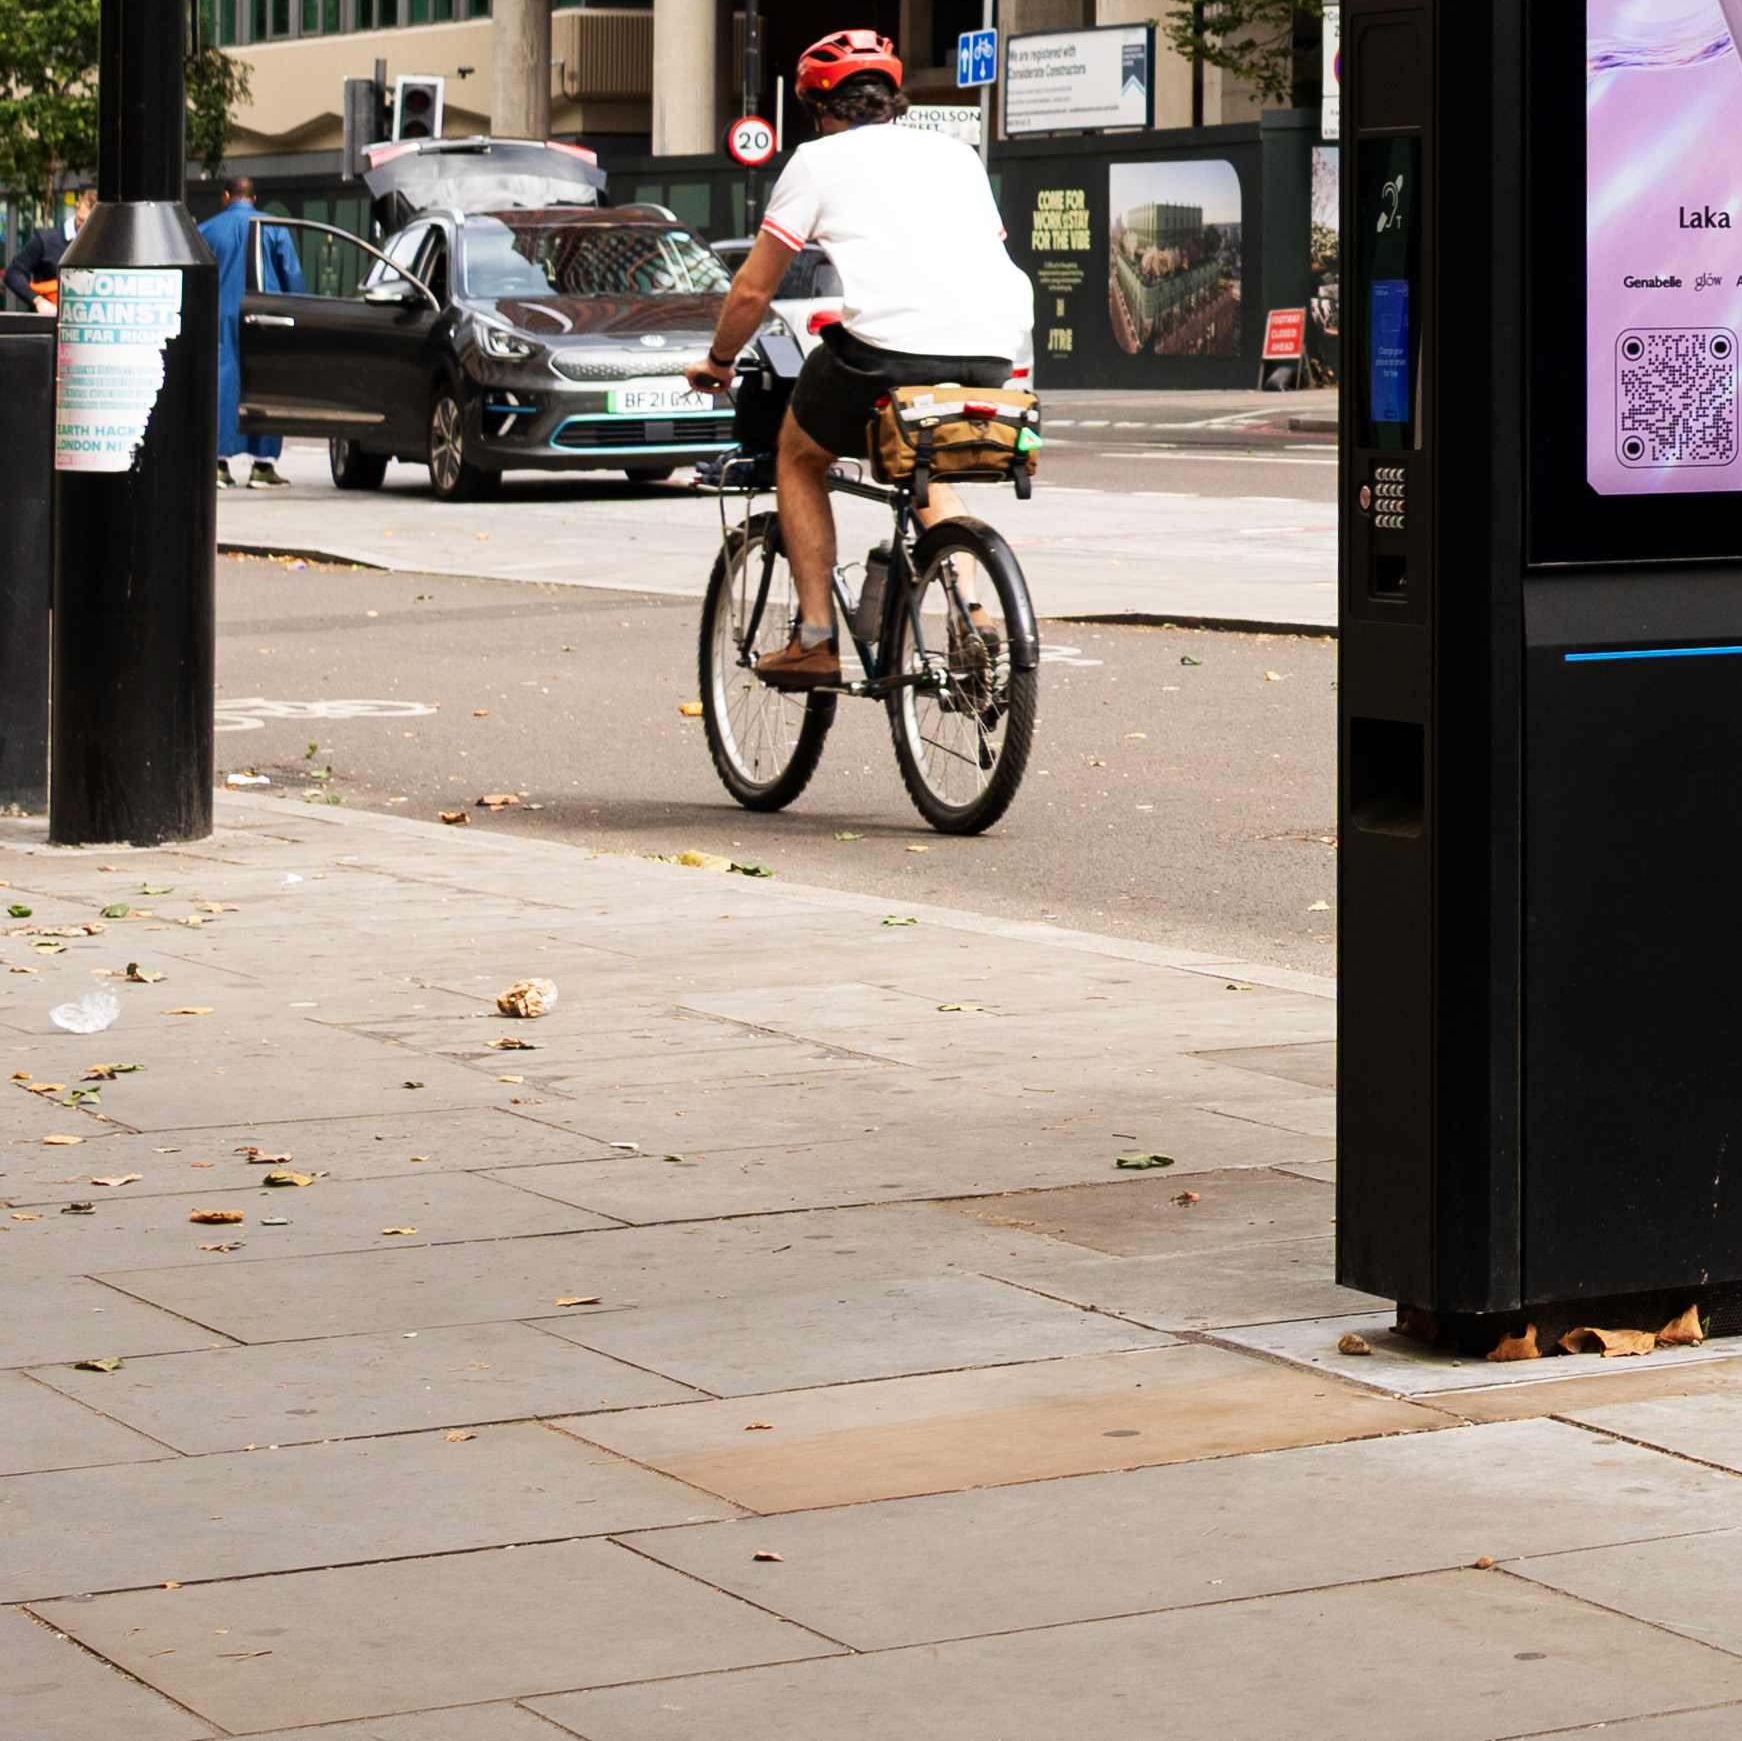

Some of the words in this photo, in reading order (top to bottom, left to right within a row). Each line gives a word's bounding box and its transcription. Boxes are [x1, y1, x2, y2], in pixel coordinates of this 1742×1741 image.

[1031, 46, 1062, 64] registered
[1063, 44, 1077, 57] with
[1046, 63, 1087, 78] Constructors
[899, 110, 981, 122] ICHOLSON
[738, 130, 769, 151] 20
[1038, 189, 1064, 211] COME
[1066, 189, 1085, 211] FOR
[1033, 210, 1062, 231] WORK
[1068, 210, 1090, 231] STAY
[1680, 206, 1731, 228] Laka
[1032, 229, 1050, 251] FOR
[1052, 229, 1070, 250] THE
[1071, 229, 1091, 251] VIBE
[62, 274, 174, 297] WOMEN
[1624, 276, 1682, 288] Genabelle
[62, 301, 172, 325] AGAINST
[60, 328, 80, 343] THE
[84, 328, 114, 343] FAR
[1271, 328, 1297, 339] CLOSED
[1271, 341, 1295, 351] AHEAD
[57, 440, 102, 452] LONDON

## AIM OF THE TASK
Write out the entries above verbatim, without pictures.

## ANSWER TO THIS TASK
Some of the words in this photo, in reading order (top to bottom, left to right within a row). Each line gives a word's bounding box and its transcription. Boxes are [x1, y1, x2, y2], in pixel coordinates of this 1742×1741 image.

[1031, 46, 1062, 64] registered
[1063, 44, 1077, 57] with
[1046, 63, 1087, 78] Constructors
[899, 110, 981, 122] ICHOLSON
[738, 130, 769, 151] 20
[1038, 189, 1064, 211] COME
[1066, 189, 1085, 211] FOR
[1033, 210, 1062, 231] WORK
[1068, 210, 1090, 231] STAY
[1680, 206, 1731, 228] Laka
[1032, 229, 1050, 251] FOR
[1052, 229, 1070, 250] THE
[1071, 229, 1091, 251] VIBE
[62, 274, 174, 297] WOMEN
[1624, 276, 1682, 288] Genabelle
[62, 301, 172, 325] AGAINST
[60, 328, 80, 343] THE
[84, 328, 114, 343] FAR
[1271, 328, 1297, 339] CLOSED
[1271, 341, 1295, 351] AHEAD
[57, 440, 102, 452] LONDON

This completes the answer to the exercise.